NOTE DU CENSEUR

MAITRE DE LA SOCIÉTÉ DES ANTIQUITÉS DE C…

On ne sait souvent où une langue va puiser ses richesses. J'ai vu des Français se creuser la tête pour trouver l'origine du mot gamahucher, et dire ensuite qu'il était de pure fantaisie.—Point du tout, messieurs; il existe au fond de l'Egypte une secte de bonnes gens qui rendent un culte à l'ami de Priape. Je ne cite ni l'ouvrage où j'ai trouvé ce renseignement important, ni l'auteur trop grave et trop national pour ne pas se courroucer s'il se voyait nommer dans des écrits bouffons qui décèlent évidemment la futilité d'un esprit aristocratique. Je prie donc le lecteur de m'en croire sur ma parole, comme j'ai cru le voyageur sur la sienne… Or, il me semble que le mot Quadmousié, apporté d'Egypte en France, peut fort bien s'être altéré pendant la traversée. L'essentiel est que le culte lui-même se soit exactement transmis et sans doute perfectionné parmi nous. Quant à la racine de l'expression, elle peut bien être adoptée sans difficulté par une nation qui de Rawensberg[96] a fait Ratisbonne; Liège, de Luik; La Haye, de S'Gravenhaag, etc., et qui, d'après ses conventions alphabétiques, nomme Shakespear le génie que nos voisins, d'après les leurs, nomment Chekspir. Il convient, dis-je que cette nation reconnaisse cette savante étymologie. Je réclame de plus contre l'innovation de l'ignare abbé Suçonnet[97], qui ne fait dériver son terme que du grec, tandis que les Grecs auxquels il fait l'honneur de l'invention même, pourraient fort bien n'avoir fait qu'emprunter des Orientaux une pratique qui ne pouvait, au surplus, être connue nulle part sans y être adoptée et maintenue avec ferveur.

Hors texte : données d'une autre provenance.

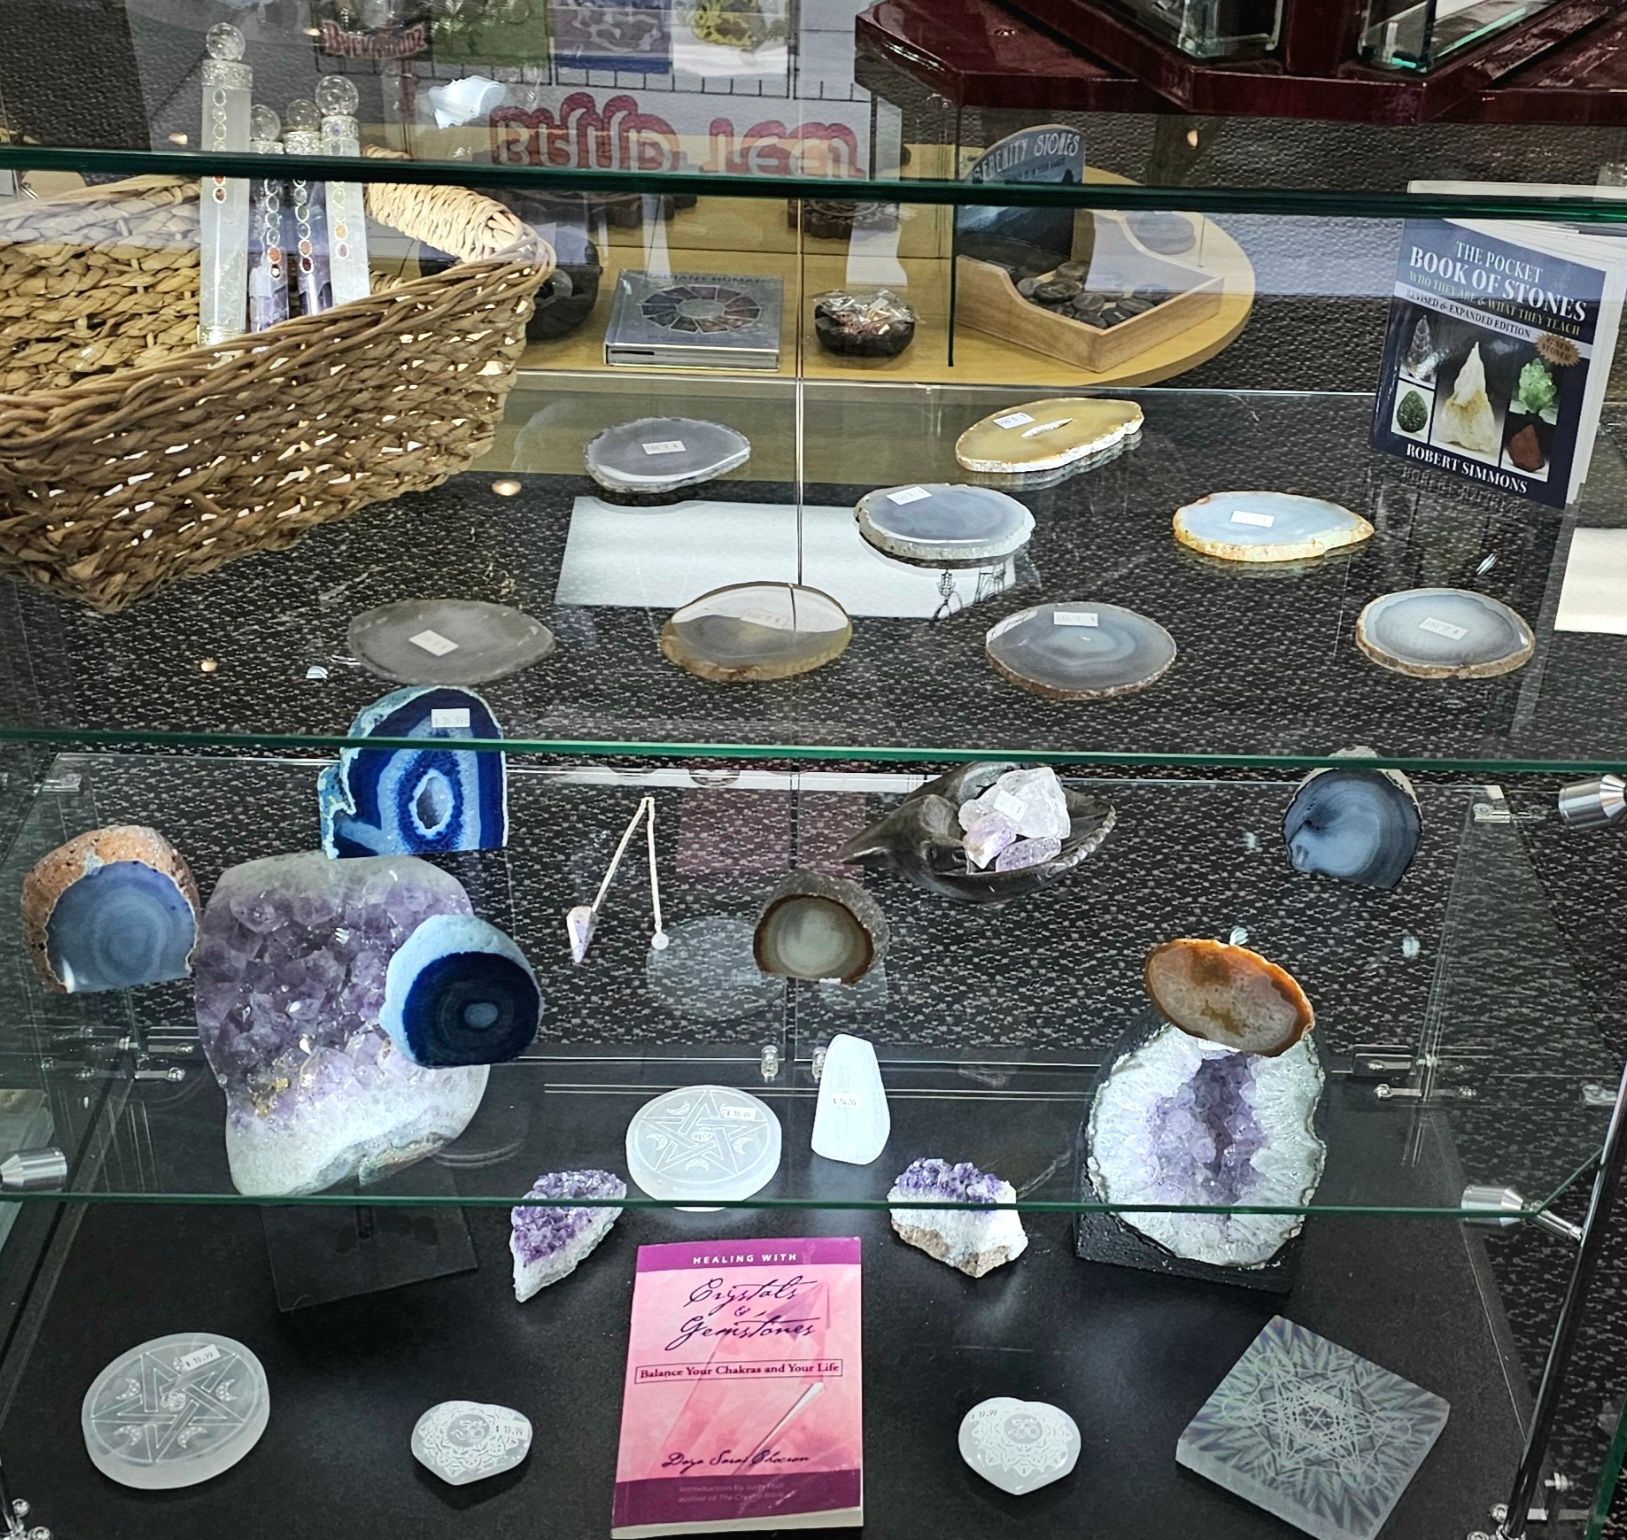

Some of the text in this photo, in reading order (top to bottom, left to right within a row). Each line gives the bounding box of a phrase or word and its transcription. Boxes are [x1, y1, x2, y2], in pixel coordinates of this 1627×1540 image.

[1034, 132, 1080, 157] STONES
[1456, 241, 1543, 283] THE POCKET
[1409, 246, 1588, 322] BOOK OF STONES
[1409, 271, 1432, 287] WHO
[1433, 279, 1456, 296] THEY
[1488, 298, 1516, 316] WHAT
[1518, 308, 1544, 328] THEY
[1545, 316, 1581, 336] TEACH
[1450, 303, 1493, 327] EXPANDED
[1494, 317, 1531, 339] EDITION
[1406, 443, 1460, 471] ROBERT
[1461, 461, 1528, 494] SIMMONS
[693, 1253, 797, 1265] HEALING WITH
[683, 1275, 818, 1316] Crystals
[665, 1315, 821, 1351] Gemstones
[640, 1362, 839, 1379] Balance Your Chakras and Your Life
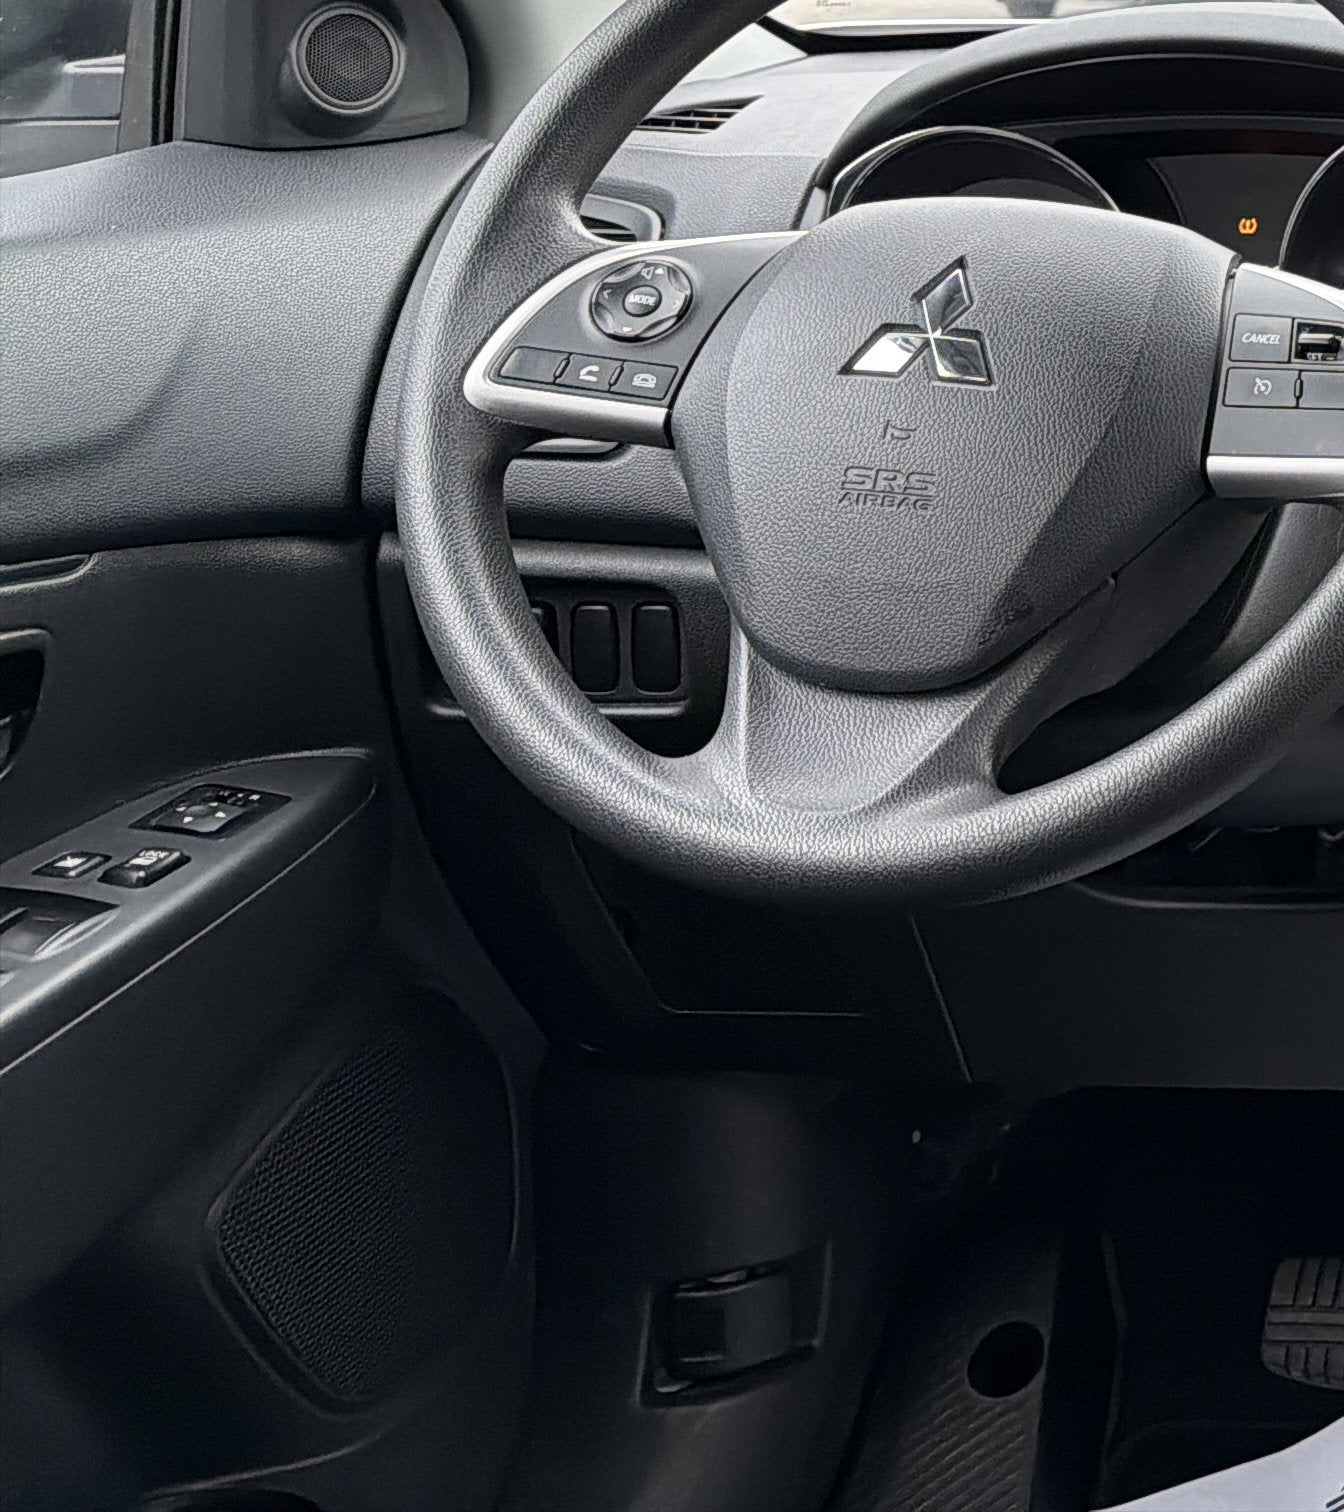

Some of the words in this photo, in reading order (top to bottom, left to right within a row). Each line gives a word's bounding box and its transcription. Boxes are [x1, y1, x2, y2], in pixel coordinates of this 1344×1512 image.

[96] Nerciat se trompe: c'est de Regensburg que l'on a fait en français Ratisbonne.

[97] L'abbé Suçonnet, dont Célestine parle ailleurs, remplace gamahuchage par glottinade. «M. Suçonnet, qui est docteur, prétend que rien n'est plus significatif, et qu'il convient absolument d'emprunter du grec le nom d'une volupté dont les Grecs nous ont transmis l'usage».